У Маккаров родилось трое детей: две дочери и сын. Старшая, Лиза, родившаяся в 1827 году, через год после свадьбы, недолго оставалась дома. Это была пухленькая, хорошенькая девочка, пышущая здоровьем, полнокровная, очень похожая на мать. Но она не унаследовала ее покорности вьючного животного. Маккар передал дочери ярко выраженное стремление к земным благам. Еще ребенком Лиза готова была работать целый день, лишь бы получить пирожное. Ей не было и семи лет, когда соседка, жена почтмейстера, пленилась ею и взяла к себе в услужение. В 1839 году хозяйка овдовела, переехала в Париж и увезла Лизу с собой. В сущности говоря, родители отдали ее совсем.
Вторая дочь, Жервеза, родившаяся через год после Лизы, была хромоногой. Зачатая пьяными родителями в одну из позорных ночей, когда супруги избивали друг друга, она родилась с искривленным и недоразвитым правым бедром, — странное наследственное отражение жестоких побоев, перенесенных матерью во время пьяных драк. Жервеза была хилым ребенком, и Фина, видя, какая она бледненькая и слабая, стала лечить ее анисовкой, уверяя, что это укрепит девочку. Бедняжка исхудала еще больше. На этой высокой худенькой девочке платья, всегда слишком широкие, болтались, как на вешалке. Тщедушное искалеченное тело Жервезы скрашивала прелестная кукольная головка; личико было круглое, бледное, с изысканно тонкими чертами.

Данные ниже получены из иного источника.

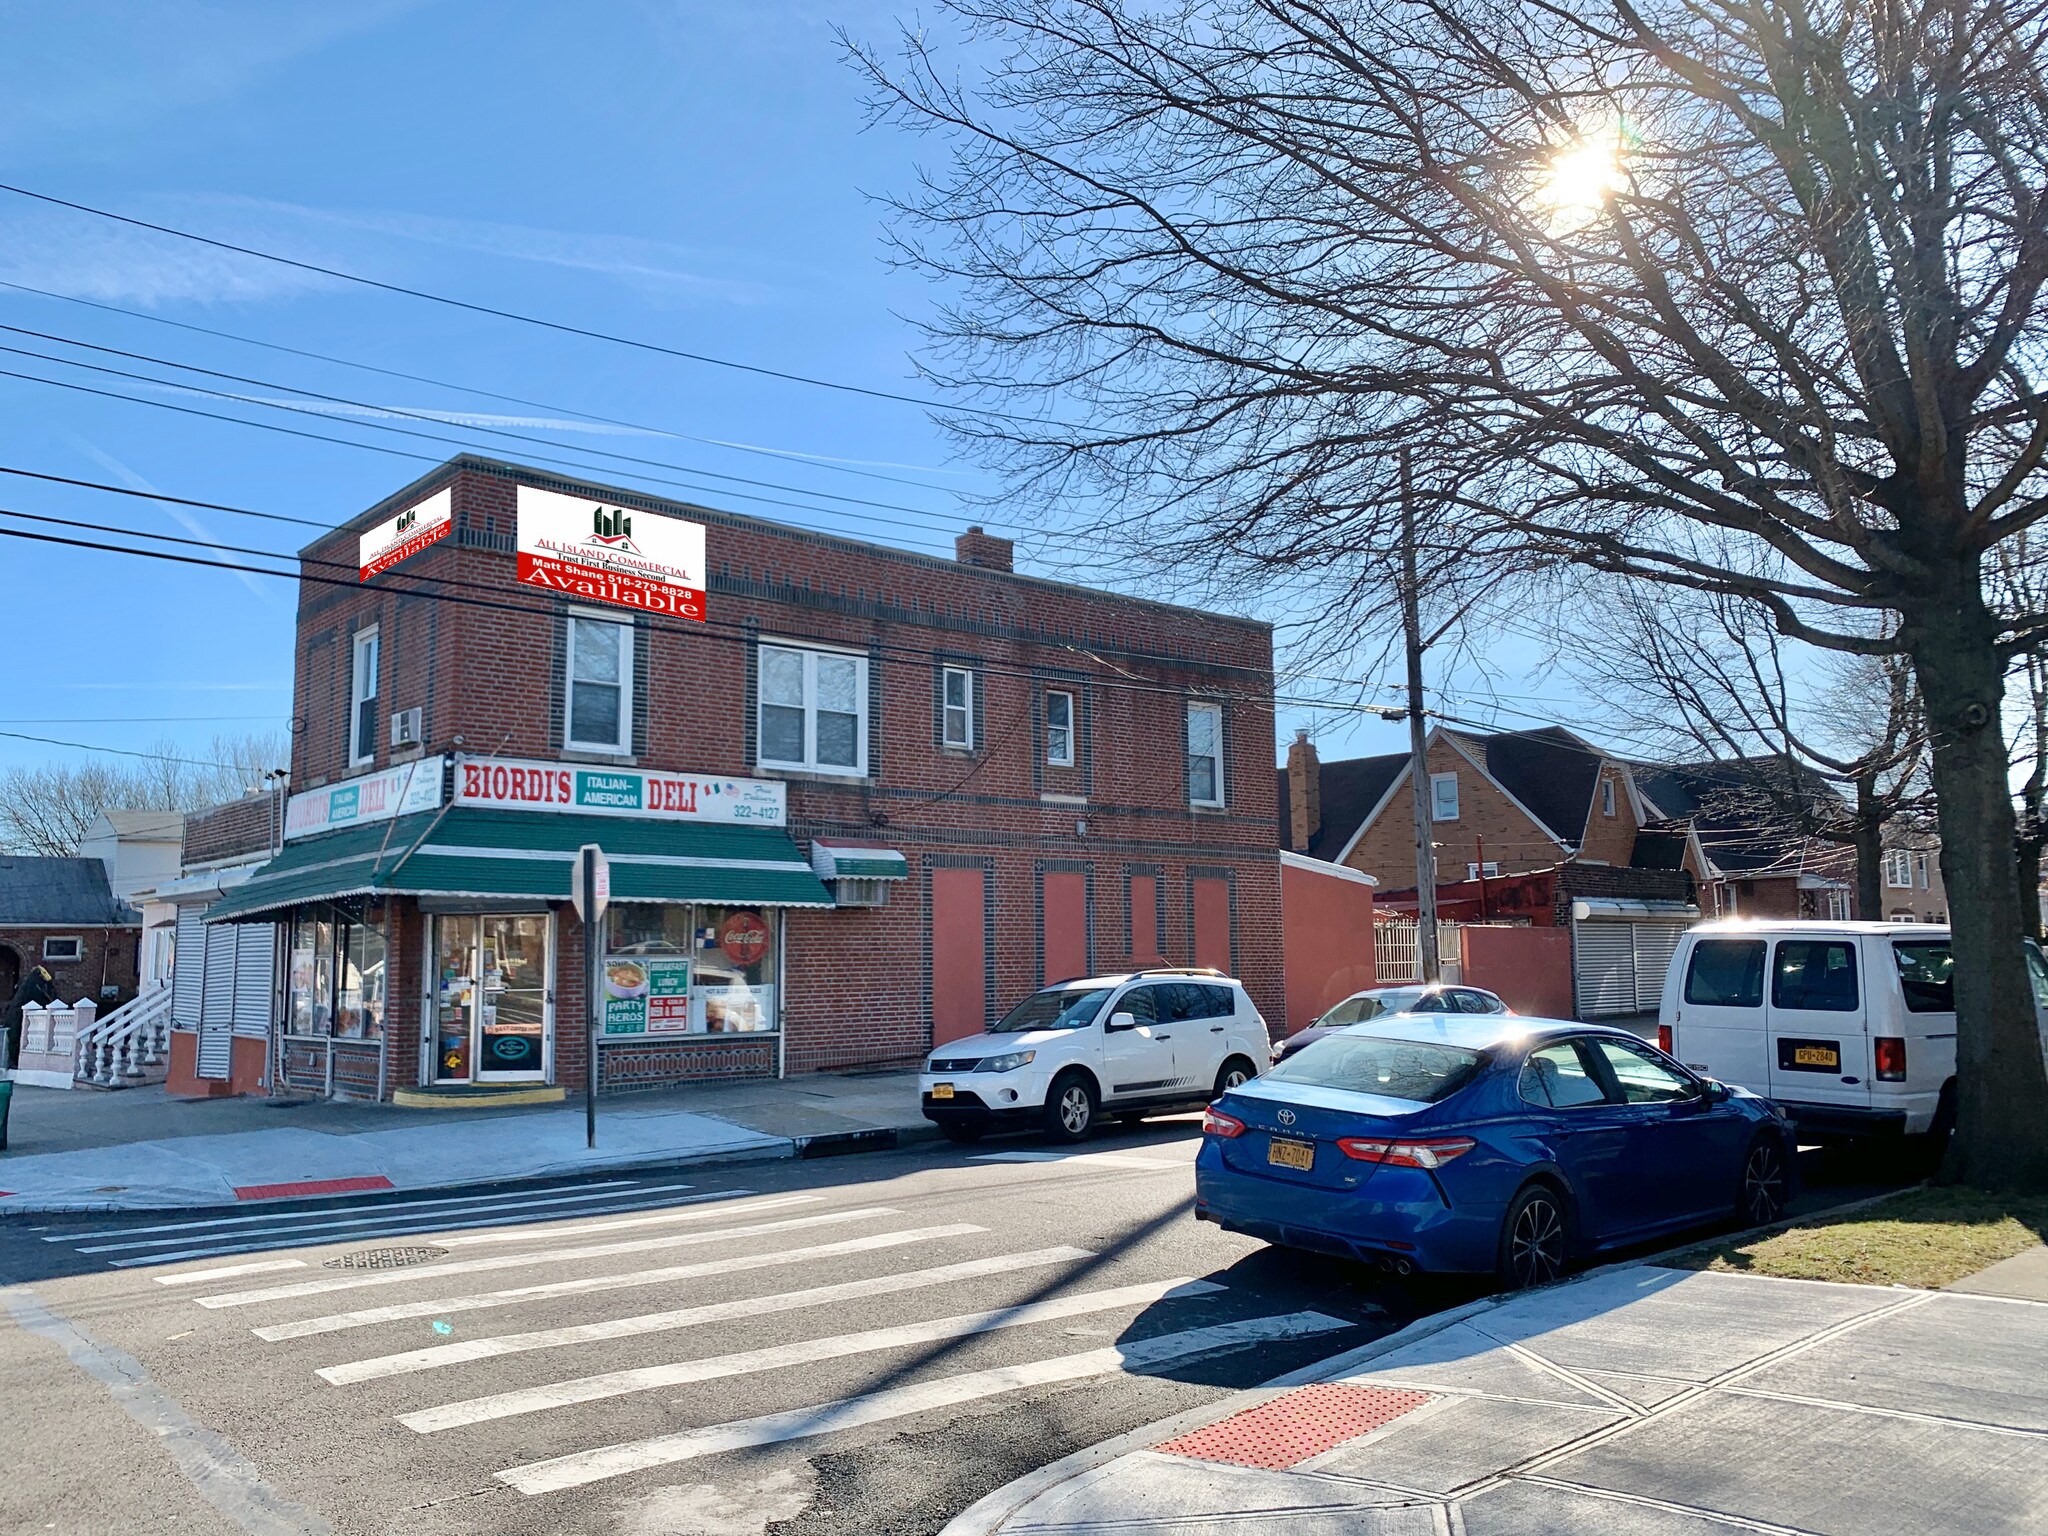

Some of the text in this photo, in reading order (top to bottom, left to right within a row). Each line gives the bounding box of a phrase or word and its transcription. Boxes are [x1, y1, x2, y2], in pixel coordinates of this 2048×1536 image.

Ее хромота казалась почти грациозной; стан мягко склонялся, ритмически покачиваясь при каждом шаге.
Сын Маккаров, Жан, родился спустя три года. Это был крепыш, ничем не напоминавший хрупкую Жервезу. Он, как и старшая дочь, пошел в мать, хотя и не походил на нее физически. У него, первого из Ругон-Маккаров, было лицо с правильными чертами, холодное и неподвижное, говорившее о серьезной и ограниченной натуре. Мальчик рос с твердой решимостью добиться независимого положения. Он аккуратно посещал школу и усердно вдалбливал в свою тупую голову основы грамоты и арифметики. Потом он поступил в ученье к мастеру и работал с таким же старанием, тем более похвальным, что ему требовался день на то, что другие выучивали в час.
Антуан, не переставая, ворчал на бедных малышей. Эти лишние рты съедали его долю. Он, как и Пьер, поклялся не иметь больше детей, — ведь они только объедают и разоряют родителей. Надо было слышать его жалобы, когда за стол стало садиться пять человек и мать подсовывала лучшие куски Жану, Лизе и Жервезе.
— Так, так, — ворчал он. — Пихай в них, пускай лопнут!
Когда Фина покупала кому-нибудь из детей новое платье или обувь, он дулся несколько дней. Если бы он только знал! Никогда бы он не завел эту ораву, из-за которой не может тратить на табак больше четырех су в день, из-за которой за обедом так часто подается картофельное рагу — блюдо, внушавшее ему глубокое отвращение.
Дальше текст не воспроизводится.